The Moscow Water Dog, also known as the Moscow Diver, Moscow Retriever or Moskovsky Vodolaz, was a little-known dog breed derived from the Newfoundland, Caucasian Shepherd Dog and East European Shepherd. It is now extinct, but was used in the development of the Black Russian Terrier. The Moscow Water Dog was produced only by the Red Star Kennels, the state-operated organization chartered to provide working dogs for the armed services of the Soviet Union. The breeding program was discontinued as the dogs would attack drowning victims instead of saving them.

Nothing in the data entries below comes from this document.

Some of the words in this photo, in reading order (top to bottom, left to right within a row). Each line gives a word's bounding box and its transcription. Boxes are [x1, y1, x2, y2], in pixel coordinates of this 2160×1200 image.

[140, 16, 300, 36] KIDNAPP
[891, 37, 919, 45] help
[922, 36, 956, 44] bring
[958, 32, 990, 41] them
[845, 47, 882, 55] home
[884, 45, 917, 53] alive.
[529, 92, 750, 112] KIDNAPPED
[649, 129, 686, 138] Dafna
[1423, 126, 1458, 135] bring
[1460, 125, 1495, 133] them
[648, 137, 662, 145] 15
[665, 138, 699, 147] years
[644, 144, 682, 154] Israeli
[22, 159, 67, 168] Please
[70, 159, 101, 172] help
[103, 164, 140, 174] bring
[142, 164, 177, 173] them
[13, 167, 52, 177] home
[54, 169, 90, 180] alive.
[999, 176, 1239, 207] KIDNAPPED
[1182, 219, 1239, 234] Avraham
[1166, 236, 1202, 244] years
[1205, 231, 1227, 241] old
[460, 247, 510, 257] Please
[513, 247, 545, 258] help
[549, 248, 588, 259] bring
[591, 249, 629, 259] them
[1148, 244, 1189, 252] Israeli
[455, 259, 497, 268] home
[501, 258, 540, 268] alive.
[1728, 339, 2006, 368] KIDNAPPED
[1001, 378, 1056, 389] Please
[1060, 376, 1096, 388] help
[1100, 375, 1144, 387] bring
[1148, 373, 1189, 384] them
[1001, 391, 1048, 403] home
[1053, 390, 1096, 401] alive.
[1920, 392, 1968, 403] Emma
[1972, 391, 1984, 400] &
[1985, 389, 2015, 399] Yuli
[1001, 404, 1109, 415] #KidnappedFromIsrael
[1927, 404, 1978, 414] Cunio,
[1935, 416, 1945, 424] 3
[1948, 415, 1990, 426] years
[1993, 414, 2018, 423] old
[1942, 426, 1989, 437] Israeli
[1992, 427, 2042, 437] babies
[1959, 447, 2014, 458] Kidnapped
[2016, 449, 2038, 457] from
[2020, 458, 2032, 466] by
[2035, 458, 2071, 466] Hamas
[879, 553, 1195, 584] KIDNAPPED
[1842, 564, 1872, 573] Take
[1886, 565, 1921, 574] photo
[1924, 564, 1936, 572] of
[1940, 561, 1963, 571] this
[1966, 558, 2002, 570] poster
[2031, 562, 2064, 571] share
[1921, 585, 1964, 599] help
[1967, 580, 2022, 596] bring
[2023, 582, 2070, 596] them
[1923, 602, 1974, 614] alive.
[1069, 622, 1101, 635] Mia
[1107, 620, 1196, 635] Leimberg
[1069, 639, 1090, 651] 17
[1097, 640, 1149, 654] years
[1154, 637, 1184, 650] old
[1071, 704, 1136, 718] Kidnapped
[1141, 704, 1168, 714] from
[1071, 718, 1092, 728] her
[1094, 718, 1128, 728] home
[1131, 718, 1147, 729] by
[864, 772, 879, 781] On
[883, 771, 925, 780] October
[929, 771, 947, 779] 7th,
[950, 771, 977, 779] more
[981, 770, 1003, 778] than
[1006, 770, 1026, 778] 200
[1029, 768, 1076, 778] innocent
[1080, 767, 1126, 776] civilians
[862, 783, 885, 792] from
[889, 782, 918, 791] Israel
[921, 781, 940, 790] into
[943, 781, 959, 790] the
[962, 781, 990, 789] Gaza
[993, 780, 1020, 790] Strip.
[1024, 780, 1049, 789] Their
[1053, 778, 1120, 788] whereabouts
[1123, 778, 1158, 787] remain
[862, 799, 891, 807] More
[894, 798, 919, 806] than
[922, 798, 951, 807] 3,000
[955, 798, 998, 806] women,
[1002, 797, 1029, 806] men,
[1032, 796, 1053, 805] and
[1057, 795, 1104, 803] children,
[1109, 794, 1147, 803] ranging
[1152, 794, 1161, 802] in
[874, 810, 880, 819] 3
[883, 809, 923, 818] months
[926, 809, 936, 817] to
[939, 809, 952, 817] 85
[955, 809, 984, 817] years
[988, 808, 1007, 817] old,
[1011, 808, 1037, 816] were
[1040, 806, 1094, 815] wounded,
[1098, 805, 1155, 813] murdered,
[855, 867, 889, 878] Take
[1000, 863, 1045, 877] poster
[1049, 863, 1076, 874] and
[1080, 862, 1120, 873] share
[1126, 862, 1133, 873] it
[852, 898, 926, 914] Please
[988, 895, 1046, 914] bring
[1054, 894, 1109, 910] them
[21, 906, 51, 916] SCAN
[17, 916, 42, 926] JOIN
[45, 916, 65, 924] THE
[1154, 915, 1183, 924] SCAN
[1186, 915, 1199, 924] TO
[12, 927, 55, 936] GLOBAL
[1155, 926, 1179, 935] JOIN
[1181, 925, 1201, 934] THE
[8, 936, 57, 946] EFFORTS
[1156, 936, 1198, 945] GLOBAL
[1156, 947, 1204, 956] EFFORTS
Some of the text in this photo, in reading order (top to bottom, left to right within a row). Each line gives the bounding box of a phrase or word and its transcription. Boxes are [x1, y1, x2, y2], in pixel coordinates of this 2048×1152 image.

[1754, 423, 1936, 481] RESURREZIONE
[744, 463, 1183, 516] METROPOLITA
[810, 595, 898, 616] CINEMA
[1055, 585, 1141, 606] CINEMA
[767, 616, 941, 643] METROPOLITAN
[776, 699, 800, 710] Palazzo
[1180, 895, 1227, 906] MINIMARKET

After World War II, there were very few working dogs in the Soviet Union, as many had been killed during the war. Some were imported but there were not enough to establish a dedicated breeding programme for a specific breed. The Central Military School of Working Dogs (the Red Star Kennels), under the command of Colonel G. P. Medvedev began working on developing a number of its own specialised breeds by crossing the available stock. A few breeds were established, including the Moscow Newfoundland, a cross of the German Shepherd Dog and the Newfoundland; the Moscow Great Dane, using the German Shepherd Dog and the Great Dane; the Brudasty Hound, which was an Airedale Terrier and Russian Hound cross; the Moscow Watchdog, a combination of the St. Bernard and the Caucasian Shepherd Dog; and the Moscow Water Dog. The most successful breed to come out of the programme was the Black Russian Terrier, which gained international recognition in 1984; it derived from a combination of 14 different breeds, including the Moscow Water Dog in the later stages of its development.